■ Supplied entries
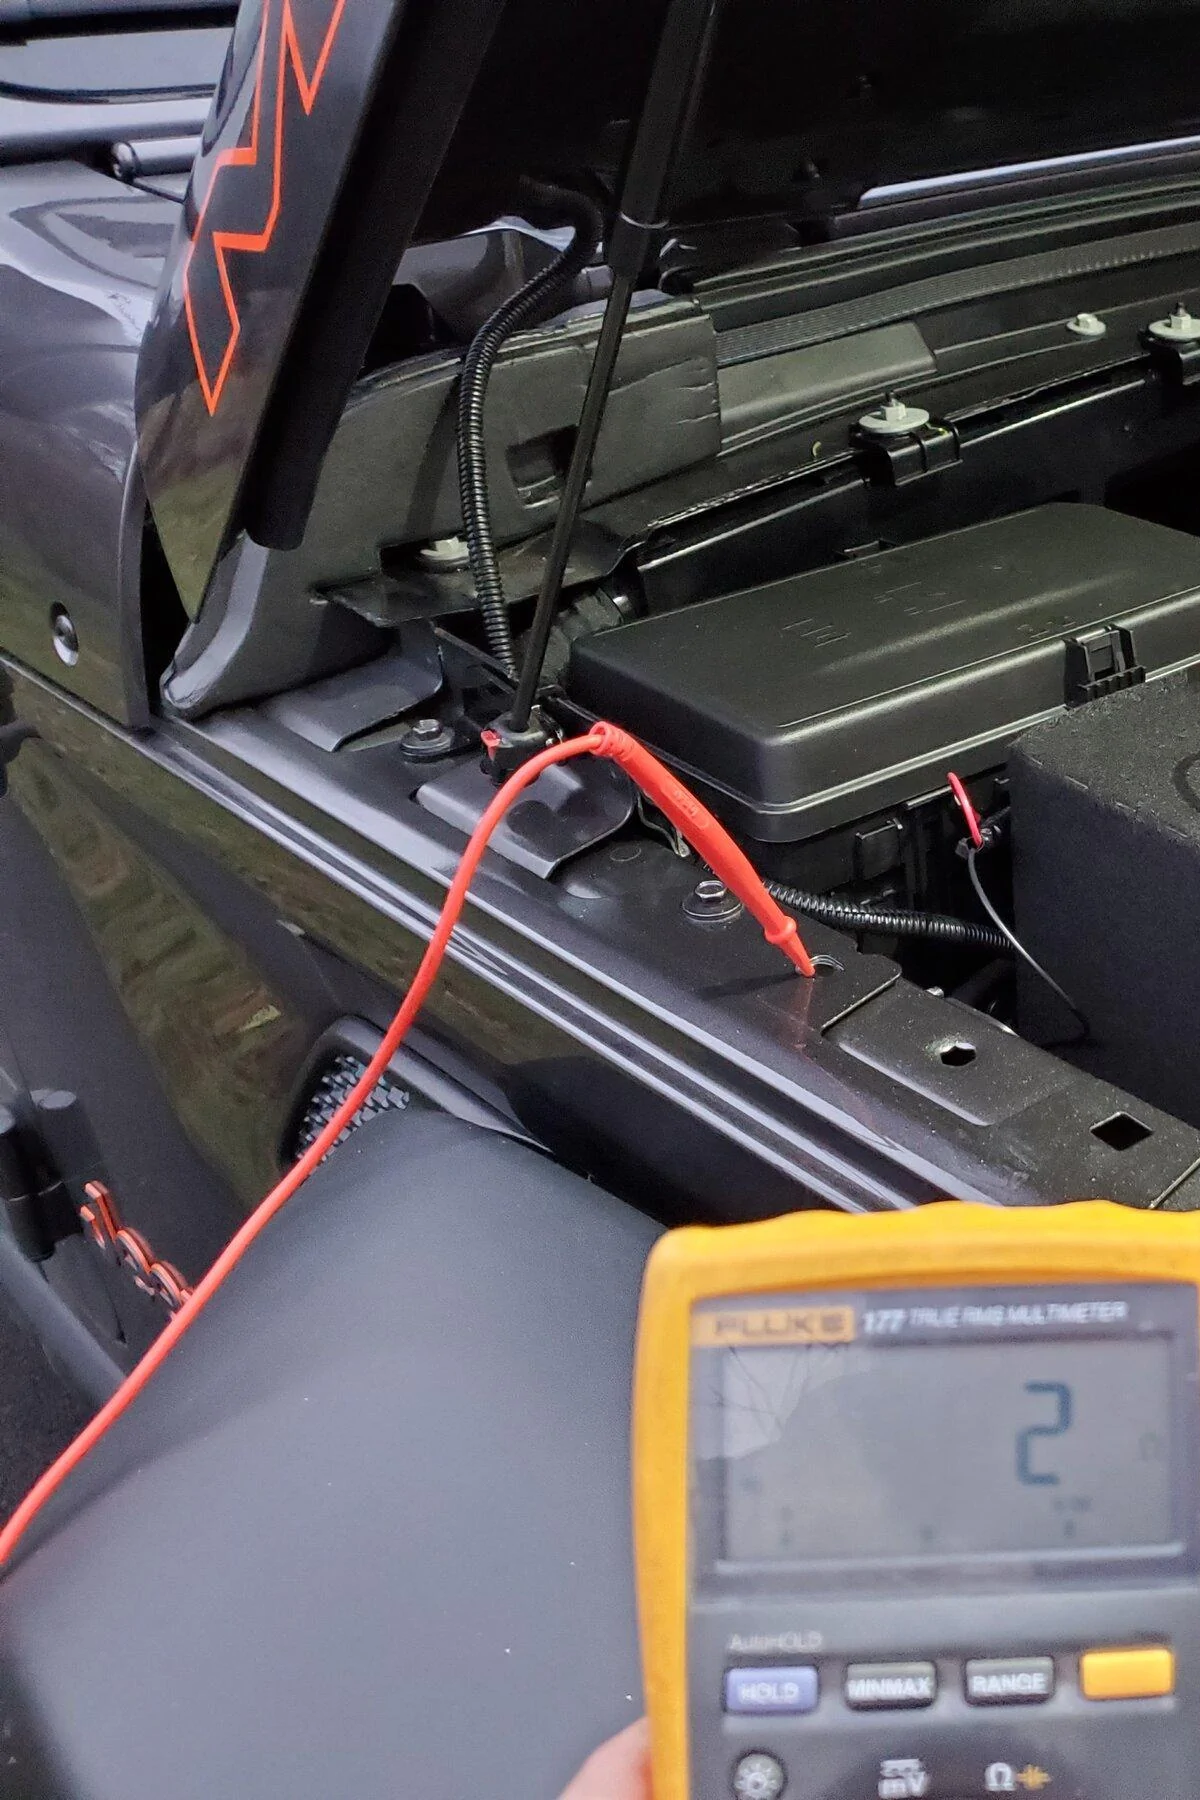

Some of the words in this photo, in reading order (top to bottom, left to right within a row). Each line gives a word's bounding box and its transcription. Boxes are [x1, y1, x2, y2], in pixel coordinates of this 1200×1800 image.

[863, 1308, 905, 1334] 177
[1007, 1301, 1128, 1324] MULTIMETER
[1015, 1380, 1072, 1486] 2
[738, 1682, 800, 1703] HOLD
[971, 1673, 1046, 1696] RANGE

■ Your task
When you transcribe these entries, keep every word exact and drop the pictures.

■ Task solution
Some of the words in this photo, in reading order (top to bottom, left to right within a row). Each line gives a word's bounding box and its transcription. Boxes are [x1, y1, x2, y2], in pixel coordinates of this 1200×1800 image.

[863, 1308, 905, 1334] 177
[1007, 1301, 1128, 1324] MULTIMETER
[1015, 1380, 1072, 1486] 2
[738, 1682, 800, 1703] HOLD
[971, 1673, 1046, 1696] RANGE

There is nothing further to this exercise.